[Data records]
········

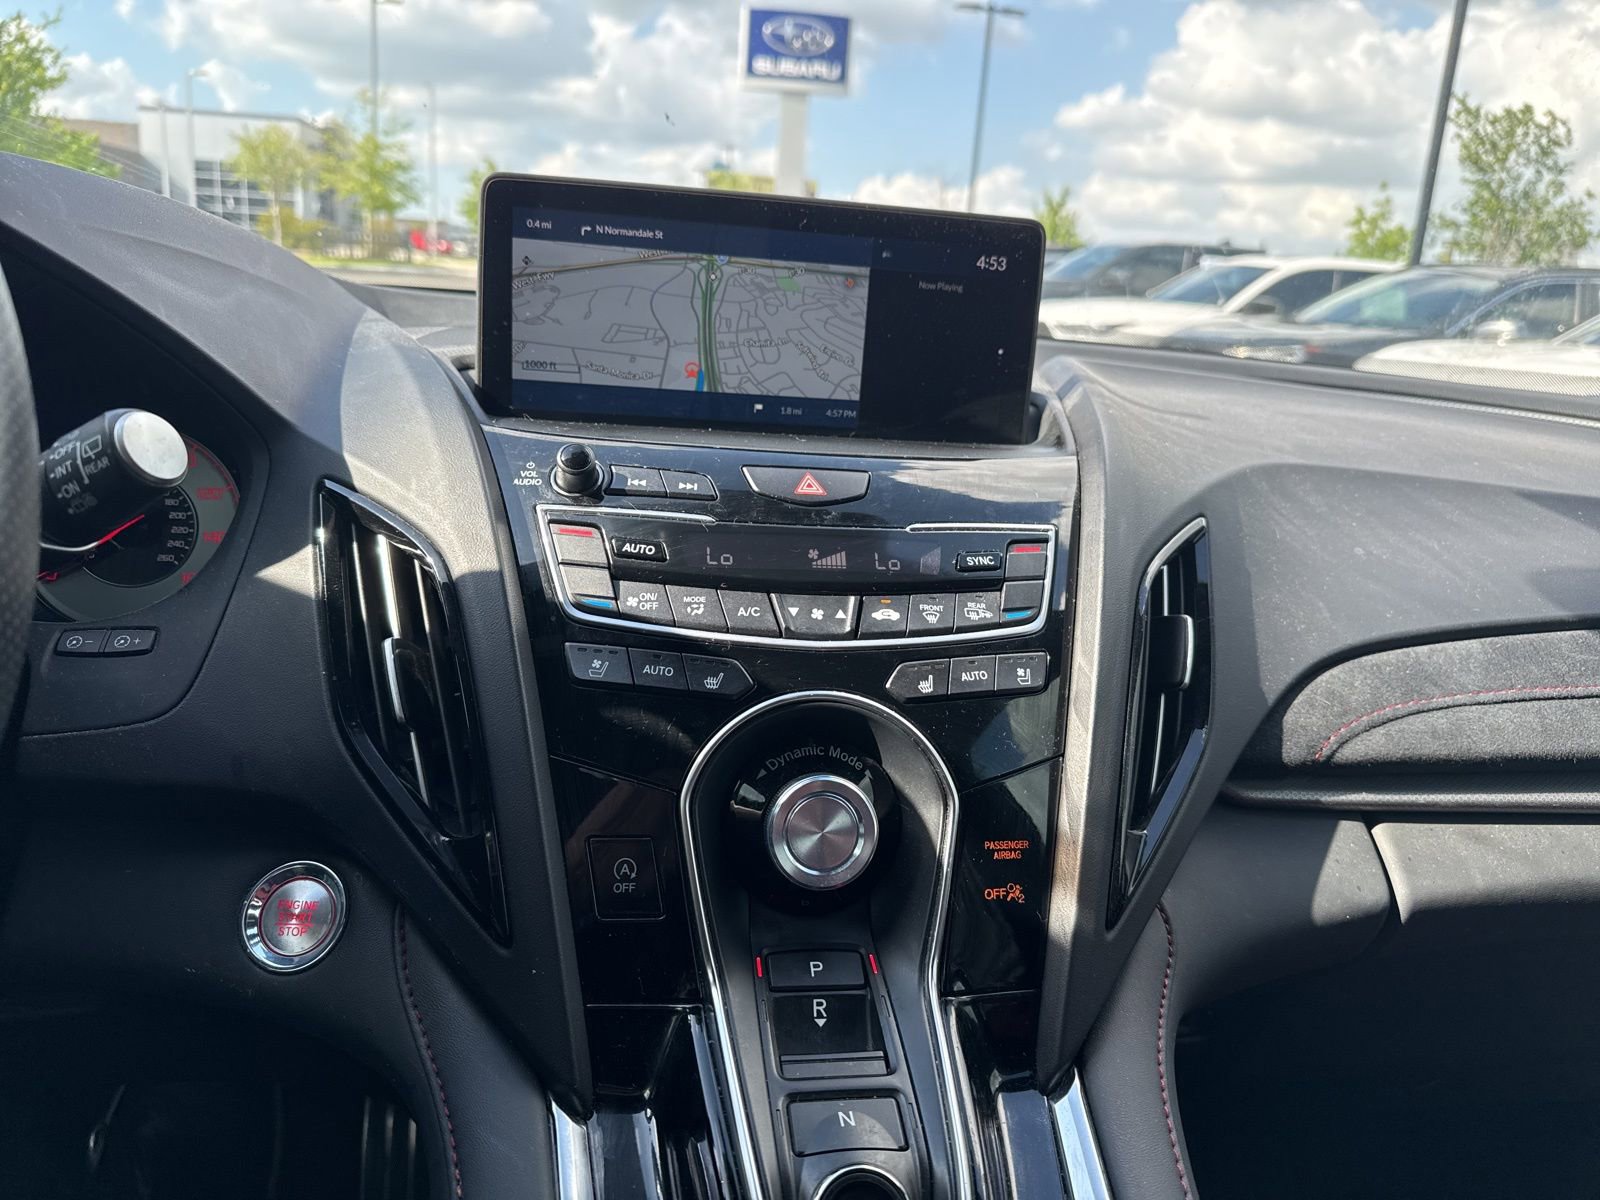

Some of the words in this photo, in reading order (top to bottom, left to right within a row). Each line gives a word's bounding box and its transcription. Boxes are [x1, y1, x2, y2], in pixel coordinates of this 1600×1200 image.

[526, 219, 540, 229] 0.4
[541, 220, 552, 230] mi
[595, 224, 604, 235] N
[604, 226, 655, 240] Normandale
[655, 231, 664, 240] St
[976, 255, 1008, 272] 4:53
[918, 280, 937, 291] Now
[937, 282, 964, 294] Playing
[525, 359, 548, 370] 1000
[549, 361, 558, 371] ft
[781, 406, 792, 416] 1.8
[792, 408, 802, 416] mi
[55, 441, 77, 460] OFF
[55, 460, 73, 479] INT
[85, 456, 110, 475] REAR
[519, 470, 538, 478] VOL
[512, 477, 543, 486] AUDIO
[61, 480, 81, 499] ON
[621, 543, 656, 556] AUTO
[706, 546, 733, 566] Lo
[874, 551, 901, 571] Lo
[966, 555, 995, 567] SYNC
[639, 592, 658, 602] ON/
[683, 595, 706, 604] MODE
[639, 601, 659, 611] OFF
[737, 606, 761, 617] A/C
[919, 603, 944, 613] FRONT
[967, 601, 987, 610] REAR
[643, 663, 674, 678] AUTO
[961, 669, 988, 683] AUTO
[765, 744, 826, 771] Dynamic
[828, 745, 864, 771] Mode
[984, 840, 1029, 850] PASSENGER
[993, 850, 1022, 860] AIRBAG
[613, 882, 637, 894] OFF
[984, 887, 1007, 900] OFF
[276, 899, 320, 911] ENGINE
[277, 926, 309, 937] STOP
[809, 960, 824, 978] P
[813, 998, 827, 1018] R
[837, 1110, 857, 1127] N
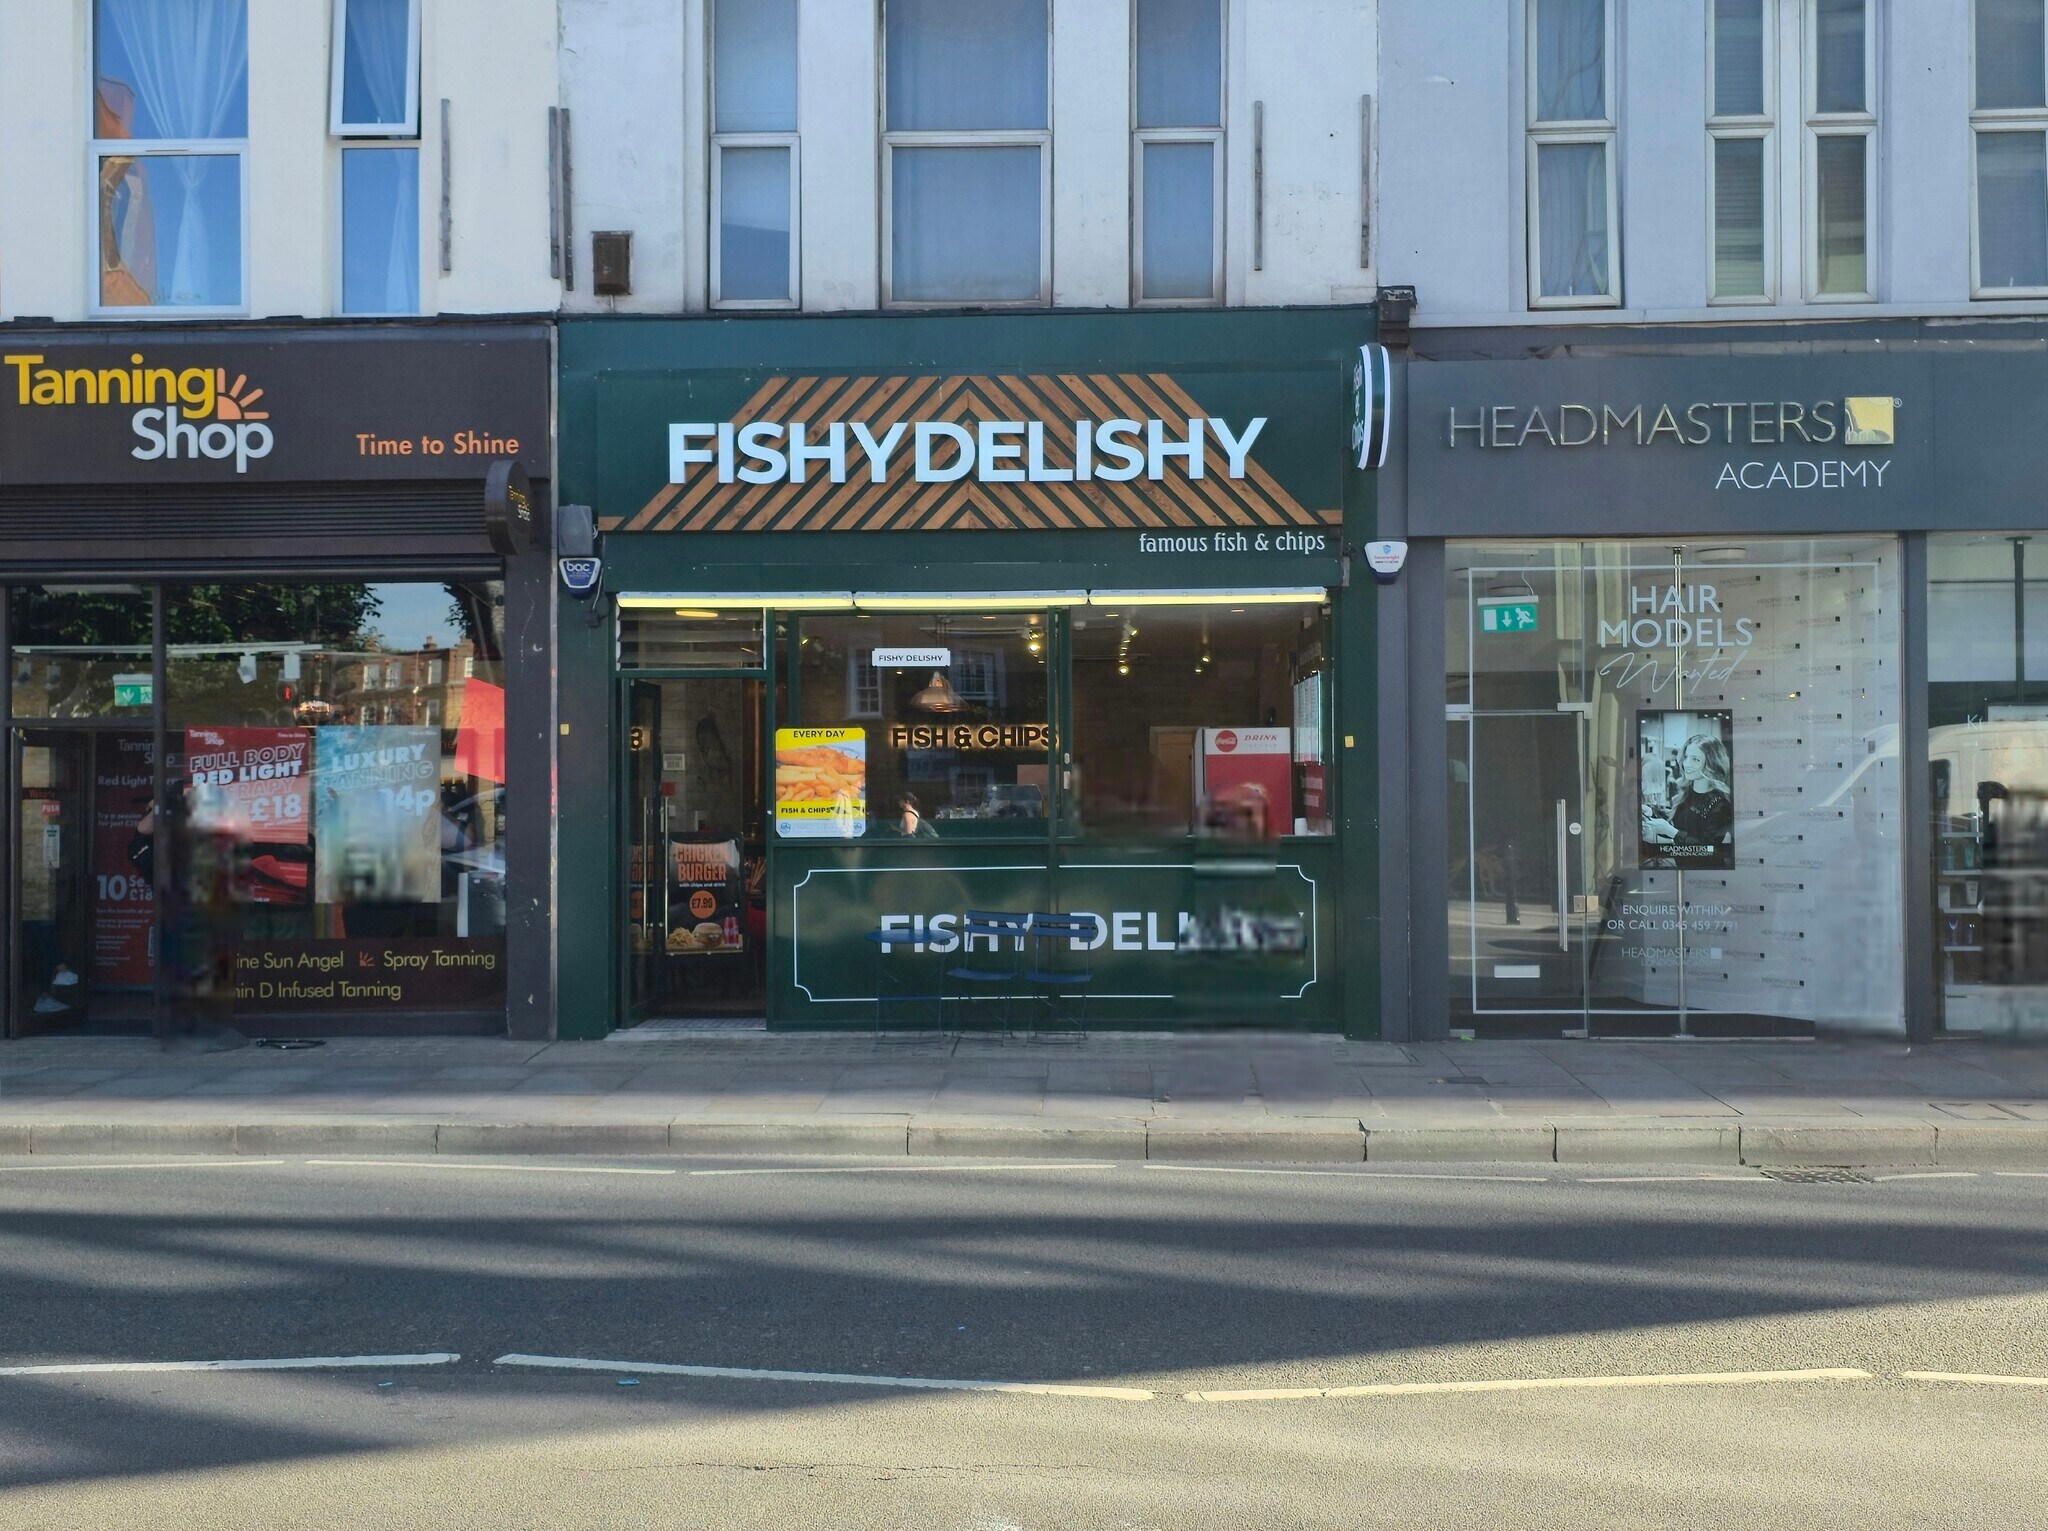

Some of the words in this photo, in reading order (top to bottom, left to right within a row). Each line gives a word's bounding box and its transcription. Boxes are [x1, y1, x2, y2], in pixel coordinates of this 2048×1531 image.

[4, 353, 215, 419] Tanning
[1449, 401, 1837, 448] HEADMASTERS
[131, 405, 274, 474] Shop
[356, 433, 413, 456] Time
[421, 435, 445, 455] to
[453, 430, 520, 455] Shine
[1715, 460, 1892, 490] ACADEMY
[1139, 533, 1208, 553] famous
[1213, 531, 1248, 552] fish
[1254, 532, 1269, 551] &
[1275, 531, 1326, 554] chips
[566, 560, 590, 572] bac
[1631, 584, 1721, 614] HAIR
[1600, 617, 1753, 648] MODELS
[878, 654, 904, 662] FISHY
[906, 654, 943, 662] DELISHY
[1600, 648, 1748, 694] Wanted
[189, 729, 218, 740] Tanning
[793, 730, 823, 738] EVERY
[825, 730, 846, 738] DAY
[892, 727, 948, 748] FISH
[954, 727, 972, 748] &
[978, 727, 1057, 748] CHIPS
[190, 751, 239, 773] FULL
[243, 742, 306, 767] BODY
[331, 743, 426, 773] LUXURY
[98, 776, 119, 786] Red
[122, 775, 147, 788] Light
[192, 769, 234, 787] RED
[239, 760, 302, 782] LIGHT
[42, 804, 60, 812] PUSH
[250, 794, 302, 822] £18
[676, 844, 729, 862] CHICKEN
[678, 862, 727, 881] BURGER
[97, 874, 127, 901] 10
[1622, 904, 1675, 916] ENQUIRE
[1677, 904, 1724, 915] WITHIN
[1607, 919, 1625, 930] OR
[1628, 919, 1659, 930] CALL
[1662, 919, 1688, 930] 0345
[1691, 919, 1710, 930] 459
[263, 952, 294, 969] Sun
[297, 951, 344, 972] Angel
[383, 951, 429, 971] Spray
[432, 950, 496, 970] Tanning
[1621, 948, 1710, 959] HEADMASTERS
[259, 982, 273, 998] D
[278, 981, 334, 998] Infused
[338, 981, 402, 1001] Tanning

········

■ ABOUT THIS TASK: Above are records with pictures; repeat the records exactly and leave the pictures out.

■ WRITTEN RESPONSE:
Some of the words in this photo, in reading order (top to bottom, left to right within a row). Each line gives a word's bounding box and its transcription. Boxes are [x1, y1, x2, y2], in pixel coordinates of this 1600×1200 image.

[526, 219, 540, 229] 0.4
[541, 220, 552, 230] mi
[595, 224, 604, 235] N
[604, 226, 655, 240] Normandale
[655, 231, 664, 240] St
[976, 255, 1008, 272] 4:53
[918, 280, 937, 291] Now
[937, 282, 964, 294] Playing
[525, 359, 548, 370] 1000
[549, 361, 558, 371] ft
[781, 406, 792, 416] 1.8
[792, 408, 802, 416] mi
[55, 441, 77, 460] OFF
[55, 460, 73, 479] INT
[85, 456, 110, 475] REAR
[519, 470, 538, 478] VOL
[512, 477, 543, 486] AUDIO
[61, 480, 81, 499] ON
[621, 543, 656, 556] AUTO
[706, 546, 733, 566] Lo
[874, 551, 901, 571] Lo
[966, 555, 995, 567] SYNC
[639, 592, 658, 602] ON/
[683, 595, 706, 604] MODE
[639, 601, 659, 611] OFF
[737, 606, 761, 617] A/C
[919, 603, 944, 613] FRONT
[967, 601, 987, 610] REAR
[643, 663, 674, 678] AUTO
[961, 669, 988, 683] AUTO
[765, 744, 826, 771] Dynamic
[828, 745, 864, 771] Mode
[984, 840, 1029, 850] PASSENGER
[993, 850, 1022, 860] AIRBAG
[613, 882, 637, 894] OFF
[984, 887, 1007, 900] OFF
[276, 899, 320, 911] ENGINE
[277, 926, 309, 937] STOP
[809, 960, 824, 978] P
[813, 998, 827, 1018] R
[837, 1110, 857, 1127] N

Some of the words in this photo, in reading order (top to bottom, left to right within a row). Each line gives a word's bounding box and its transcription. Boxes are [x1, y1, x2, y2], in pixel coordinates of this 2048×1531 image.

[4, 353, 215, 419] Tanning
[1449, 401, 1837, 448] HEADMASTERS
[131, 405, 274, 474] Shop
[356, 433, 413, 456] Time
[421, 435, 445, 455] to
[453, 430, 520, 455] Shine
[1715, 460, 1892, 490] ACADEMY
[1139, 533, 1208, 553] famous
[1213, 531, 1248, 552] fish
[1254, 532, 1269, 551] &
[1275, 531, 1326, 554] chips
[566, 560, 590, 572] bac
[1631, 584, 1721, 614] HAIR
[1600, 617, 1753, 648] MODELS
[878, 654, 904, 662] FISHY
[906, 654, 943, 662] DELISHY
[1600, 648, 1748, 694] Wanted
[189, 729, 218, 740] Tanning
[793, 730, 823, 738] EVERY
[825, 730, 846, 738] DAY
[892, 727, 948, 748] FISH
[954, 727, 972, 748] &
[978, 727, 1057, 748] CHIPS
[190, 751, 239, 773] FULL
[243, 742, 306, 767] BODY
[331, 743, 426, 773] LUXURY
[98, 776, 119, 786] Red
[122, 775, 147, 788] Light
[192, 769, 234, 787] RED
[239, 760, 302, 782] LIGHT
[42, 804, 60, 812] PUSH
[250, 794, 302, 822] £18
[676, 844, 729, 862] CHICKEN
[678, 862, 727, 881] BURGER
[97, 874, 127, 901] 10
[1622, 904, 1675, 916] ENQUIRE
[1677, 904, 1724, 915] WITHIN
[1607, 919, 1625, 930] OR
[1628, 919, 1659, 930] CALL
[1662, 919, 1688, 930] 0345
[1691, 919, 1710, 930] 459
[263, 952, 294, 969] Sun
[297, 951, 344, 972] Angel
[383, 951, 429, 971] Spray
[432, 950, 496, 970] Tanning
[1621, 948, 1710, 959] HEADMASTERS
[259, 982, 273, 998] D
[278, 981, 334, 998] Infused
[338, 981, 402, 1001] Tanning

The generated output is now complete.